A strict disciplinarian , she was furious when Sally Hubbard and I broke Dad’s bed by jumping on it but when I made such a mean crack to Bobby Dannenfelser after her father died that the whole neighborhood wanted to lynch me and everyone’s mother said I should be severely punished, Mom said, “I think you feel really bad about what you said. That’s punishment enough.”
Alan used to get into fights and come home with his clothes wrecked. He wasn’t a particularly belligerent kid, just a boy. Mom said, “If you come home with your clothes wrecked one more time, there will be severe consequences.” Naturally it wasn’t long before he came home with clear signs that he’d been fighting, and he took his punishment without a word. But then Mrs. DeArmond called in tears to thank Alan. Mark DeArmond, Alan’s classmate, had cerebral palsy and was a target for bullies. Alan had come upon some boys beating up Mark and he said, “OK, pick on someone who can fight back.”

“Oh, Alan, I’m so proud of you!”
So, fighting is very bad unless it’s for a good cause and you have to decide that for yourself.

LIke many people of strong character Mom held fast to her convictions. It isn’t easy growing up with One Who Knows All There Is To Know. She was fond of saying of certain others “Seldom troubled with the thought that he might be wrong” I never got the chance (or the nerve) to look her in the eye and say,”You know, Mom, there’s a lot of that going around.” But there’s always an upside.

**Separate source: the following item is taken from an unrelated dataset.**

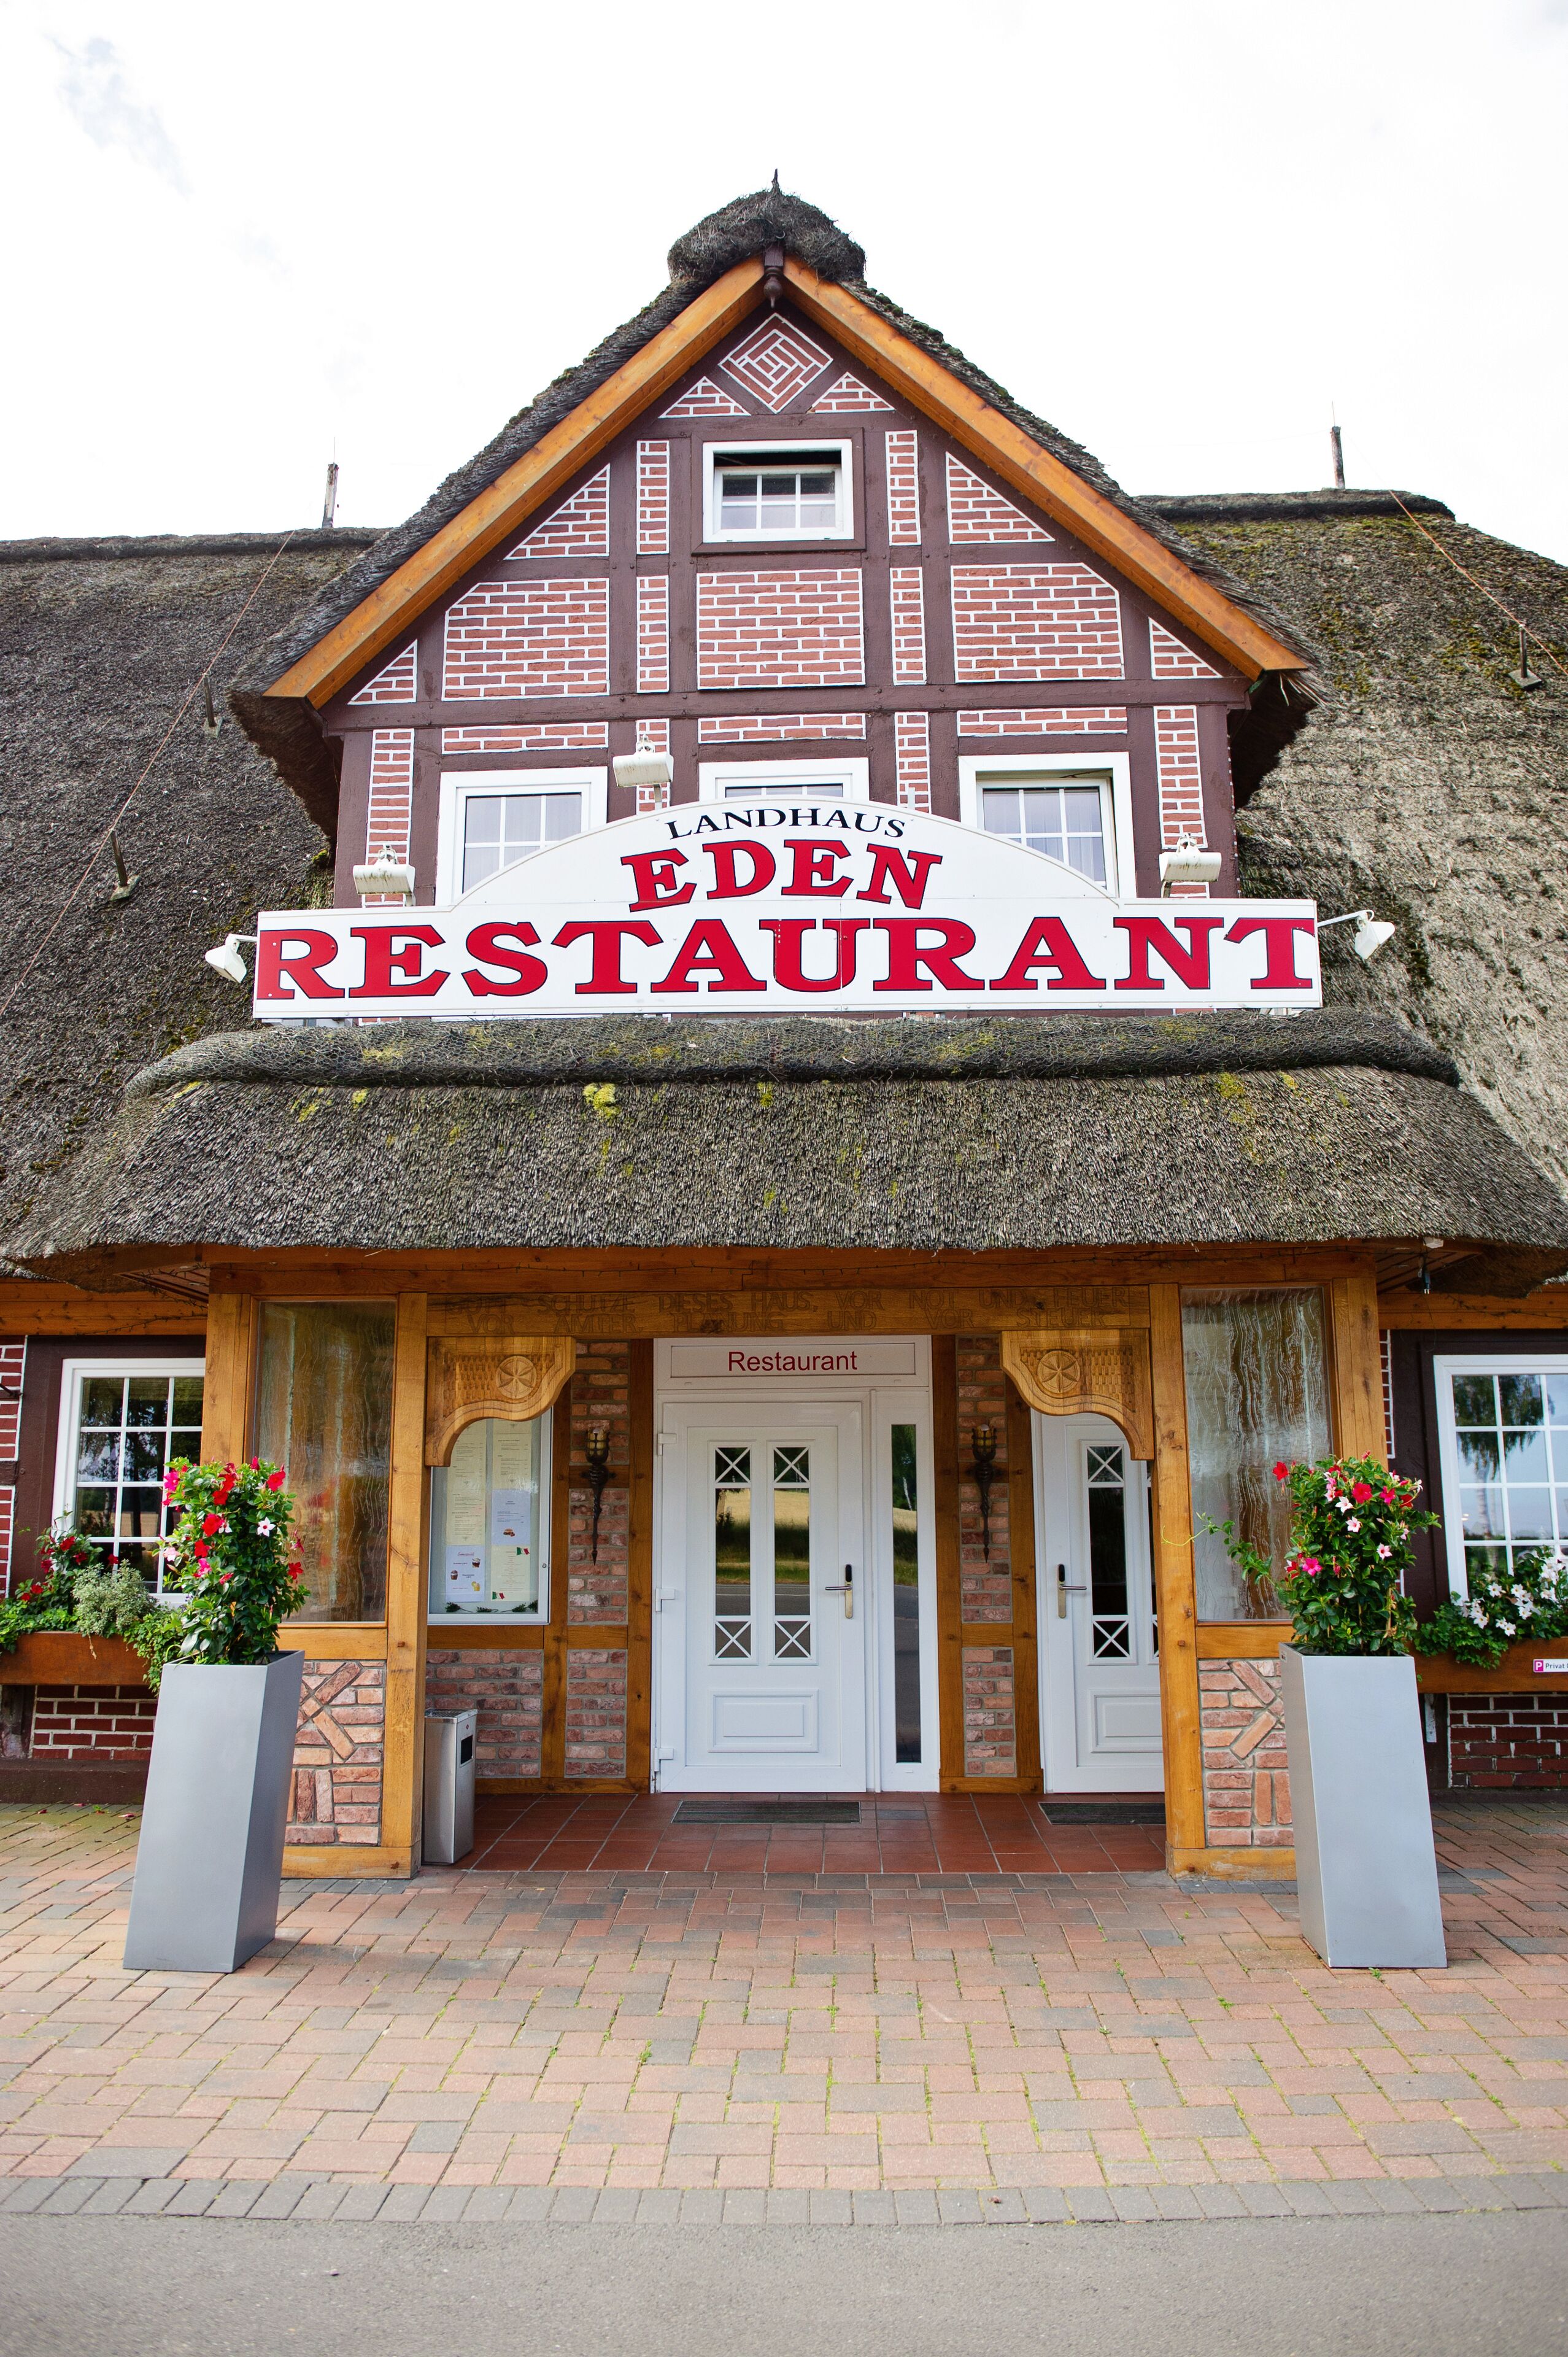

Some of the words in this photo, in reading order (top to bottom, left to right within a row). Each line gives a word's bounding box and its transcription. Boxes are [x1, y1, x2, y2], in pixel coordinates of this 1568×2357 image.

When I had to face a firing squad of sorts my friend Frank said, “Whatever you do, Barbara, don’t let them see you cry. Carry your mother in there with you and let her stiffen your spine and your upper lip.” I can’t count the times she did just that for me.
Our family has had some terrible days. When a young person dies before what we think is his time there is very little comfort but somehow you have to carry on. You have to eat and sleep and keep moving; you have to get through the days until time can begin to heal your wounds. You also have to keep yourself open to the possibility of fun and even joy.
On one of our worst days, Mom called all her grandchildren together and said; “Come on everybody, I’m going to teach you how to do the twist.”
She was an imperfect and wonderful mother and I miss her every day. I’m grateful for everything she gave me, and especially that every gift from her came wrapped in brilliant colors.